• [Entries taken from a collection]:
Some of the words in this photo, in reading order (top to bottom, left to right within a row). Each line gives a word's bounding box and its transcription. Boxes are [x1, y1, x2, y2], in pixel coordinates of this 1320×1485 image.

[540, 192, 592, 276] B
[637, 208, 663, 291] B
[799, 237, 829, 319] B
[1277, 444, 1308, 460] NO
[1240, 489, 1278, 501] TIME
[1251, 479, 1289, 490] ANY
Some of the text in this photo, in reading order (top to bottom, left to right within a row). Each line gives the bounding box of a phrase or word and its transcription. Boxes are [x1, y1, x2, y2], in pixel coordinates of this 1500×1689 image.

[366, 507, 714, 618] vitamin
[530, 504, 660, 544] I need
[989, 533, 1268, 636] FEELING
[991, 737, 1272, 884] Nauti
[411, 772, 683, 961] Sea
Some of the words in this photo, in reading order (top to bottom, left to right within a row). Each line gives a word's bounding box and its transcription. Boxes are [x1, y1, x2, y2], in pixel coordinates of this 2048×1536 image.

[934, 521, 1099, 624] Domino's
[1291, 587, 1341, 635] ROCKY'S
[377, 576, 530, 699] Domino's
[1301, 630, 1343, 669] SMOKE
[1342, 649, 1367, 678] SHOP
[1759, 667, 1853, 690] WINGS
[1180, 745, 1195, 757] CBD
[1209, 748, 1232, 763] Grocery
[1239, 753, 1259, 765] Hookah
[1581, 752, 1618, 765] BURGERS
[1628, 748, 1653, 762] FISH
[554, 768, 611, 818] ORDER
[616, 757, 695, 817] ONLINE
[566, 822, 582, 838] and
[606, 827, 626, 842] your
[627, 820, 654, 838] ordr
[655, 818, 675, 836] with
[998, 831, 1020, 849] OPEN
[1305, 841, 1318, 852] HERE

• [What is expected]:
What is needed is an exact transcription of all the data.

• [Answer space]:
Some of the words in this photo, in reading order (top to bottom, left to right within a row). Each line gives a word's bounding box and its transcription. Boxes are [x1, y1, x2, y2], in pixel coordinates of this 1320×1485 image.

[540, 192, 592, 276] B
[637, 208, 663, 291] B
[799, 237, 829, 319] B
[1277, 444, 1308, 460] NO
[1240, 489, 1278, 501] TIME
[1251, 479, 1289, 490] ANY
Some of the text in this photo, in reading order (top to bottom, left to right within a row). Each line gives the bounding box of a phrase or word and its transcription. Boxes are [x1, y1, x2, y2], in pixel coordinates of this 1500×1689 image.

[366, 507, 714, 618] vitamin
[530, 504, 660, 544] I need
[989, 533, 1268, 636] FEELING
[991, 737, 1272, 884] Nauti
[411, 772, 683, 961] Sea
Some of the words in this photo, in reading order (top to bottom, left to right within a row). Each line gives a word's bounding box and its transcription. Boxes are [x1, y1, x2, y2], in pixel coordinates of this 2048×1536 image.

[934, 521, 1099, 624] Domino's
[1291, 587, 1341, 635] ROCKY'S
[377, 576, 530, 699] Domino's
[1301, 630, 1343, 669] SMOKE
[1342, 649, 1367, 678] SHOP
[1759, 667, 1853, 690] WINGS
[1180, 745, 1195, 757] CBD
[1209, 748, 1232, 763] Grocery
[1239, 753, 1259, 765] Hookah
[1581, 752, 1618, 765] BURGERS
[1628, 748, 1653, 762] FISH
[554, 768, 611, 818] ORDER
[616, 757, 695, 817] ONLINE
[566, 822, 582, 838] and
[606, 827, 626, 842] your
[627, 820, 654, 838] ordr
[655, 818, 675, 836] with
[998, 831, 1020, 849] OPEN
[1305, 841, 1318, 852] HERE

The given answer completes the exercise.